Work instruction:
Output the data unchanged and complete, minus the images.

*** Opening of Extracted records ***

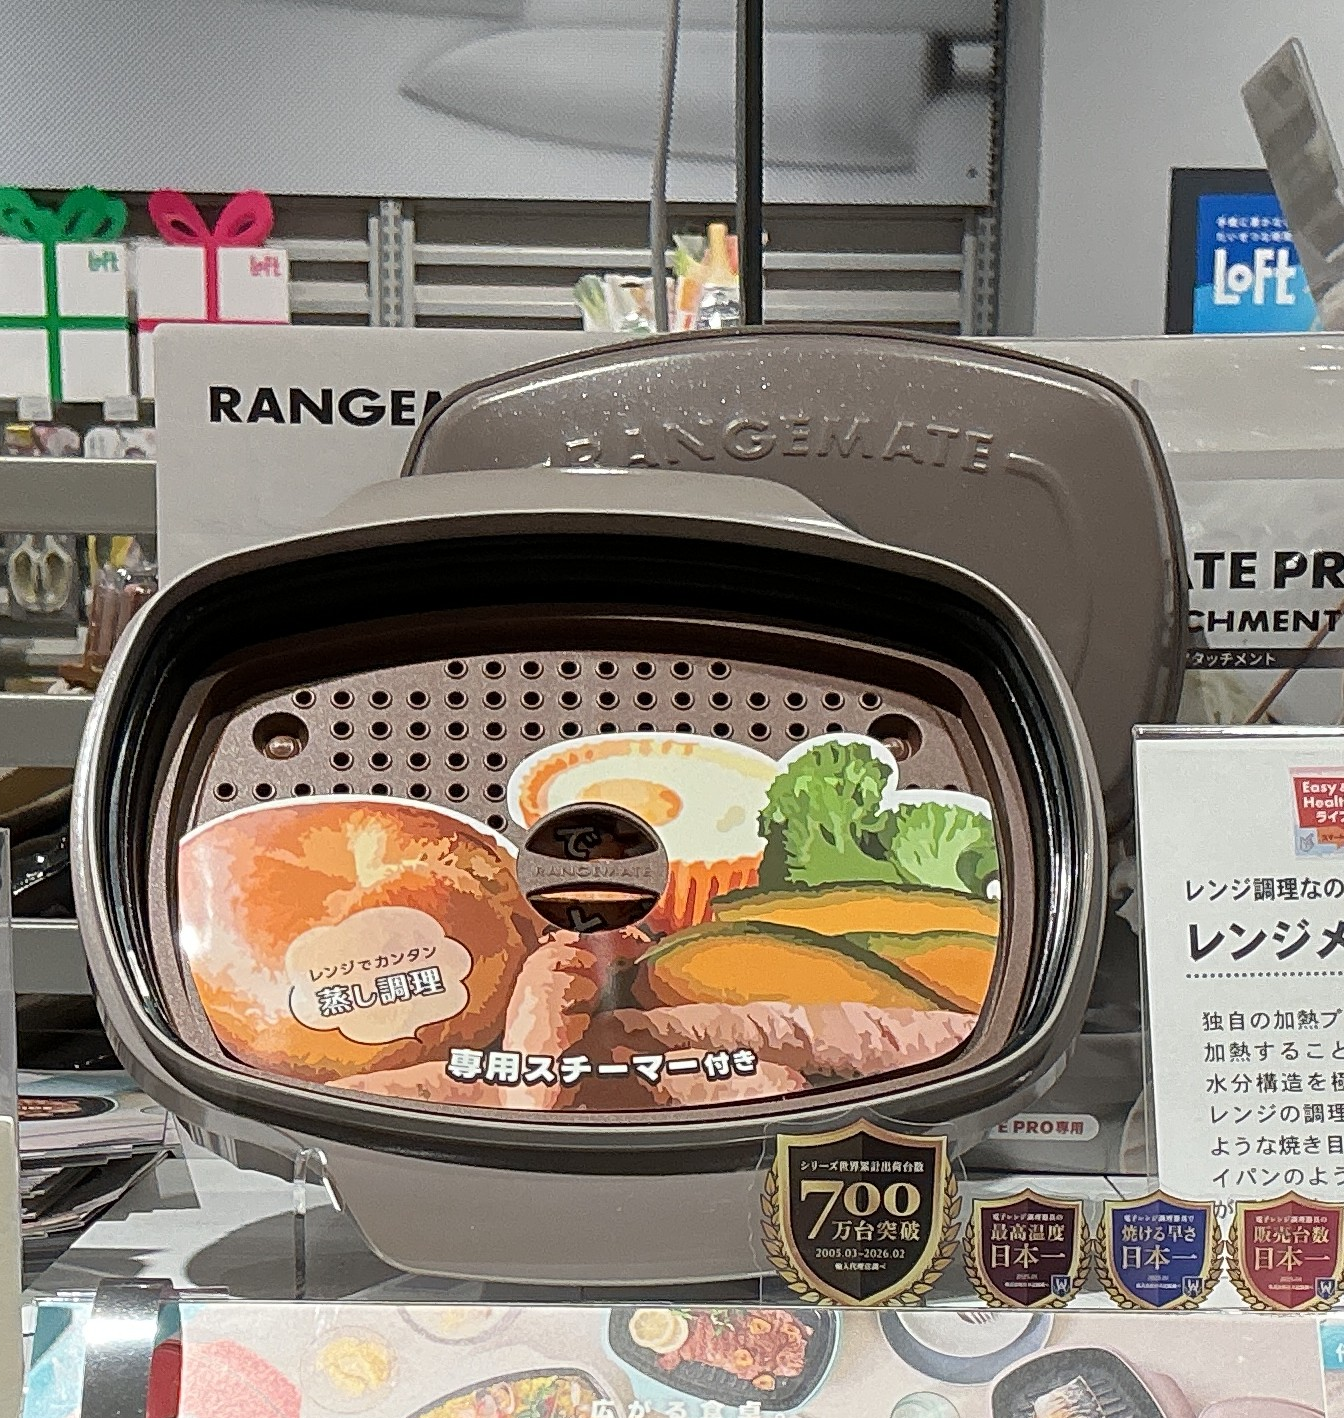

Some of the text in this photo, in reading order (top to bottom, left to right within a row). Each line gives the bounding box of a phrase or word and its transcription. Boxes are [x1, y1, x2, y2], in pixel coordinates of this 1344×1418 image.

[1302, 782, 1337, 797] Easy
[309, 944, 438, 983] レンジでカンタン
[316, 965, 446, 1018] 蒸し調理
[445, 1047, 759, 1086] 専用スチーマー付き
[801, 1180, 921, 1240] 700
[832, 1220, 920, 1242] 万台突破
[991, 1223, 1065, 1242] 最高温度
[1122, 1224, 1197, 1243] 焼ける早さ
[1253, 1226, 1330, 1244] 販売台数
[991, 1243, 1066, 1269] 日本一
[1122, 1244, 1198, 1270] 日本一
[1254, 1246, 1330, 1272] 日本一
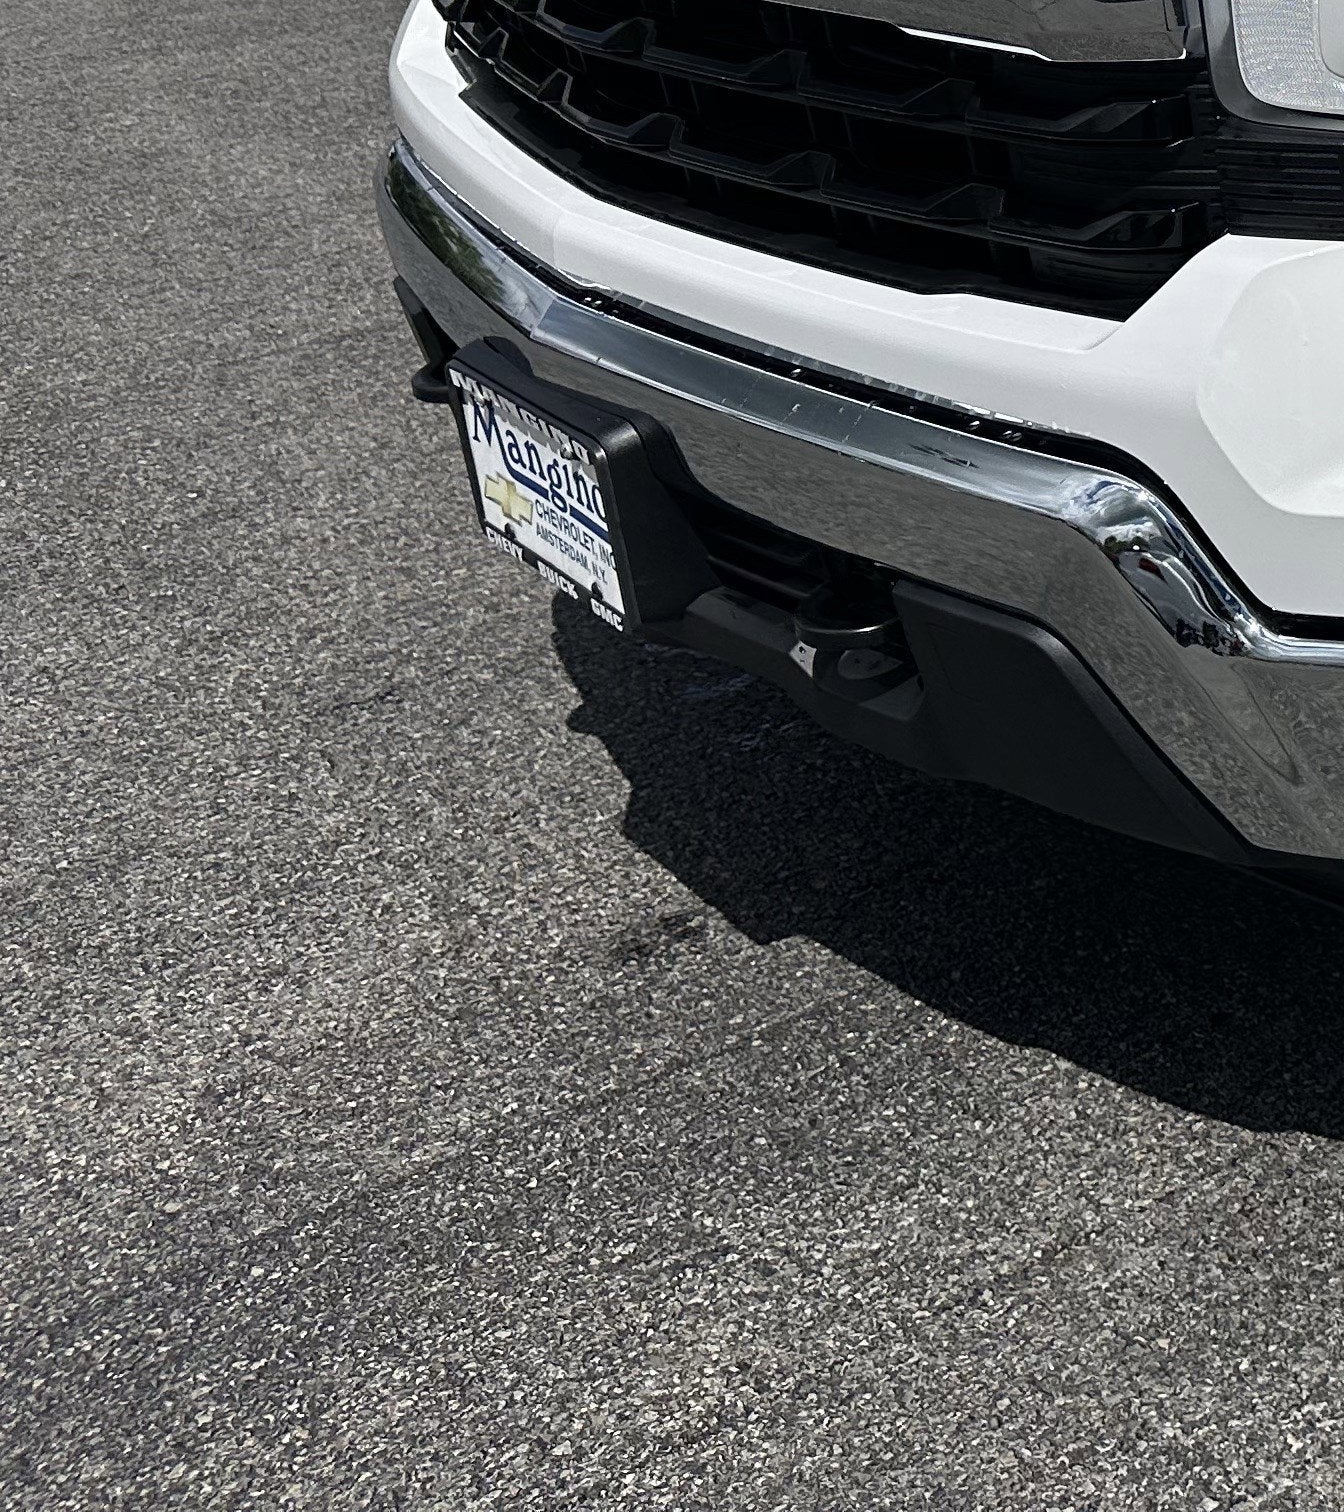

*** Close of Extracted records ***

Expected answer:
Some of the text in this photo, in reading order (top to bottom, left to right within a row). Each line gives the bounding box of a phrase or word and its transcription. Boxes are [x1, y1, x2, y2], in pixel coordinates of this 1344×1418 image.

[1302, 782, 1337, 797] Easy
[309, 944, 438, 983] レンジでカンタン
[316, 965, 446, 1018] 蒸し調理
[445, 1047, 759, 1086] 専用スチーマー付き
[801, 1180, 921, 1240] 700
[832, 1220, 920, 1242] 万台突破
[991, 1223, 1065, 1242] 最高温度
[1122, 1224, 1197, 1243] 焼ける早さ
[1253, 1226, 1330, 1244] 販売台数
[991, 1243, 1066, 1269] 日本一
[1122, 1244, 1198, 1270] 日本一
[1254, 1246, 1330, 1272] 日本一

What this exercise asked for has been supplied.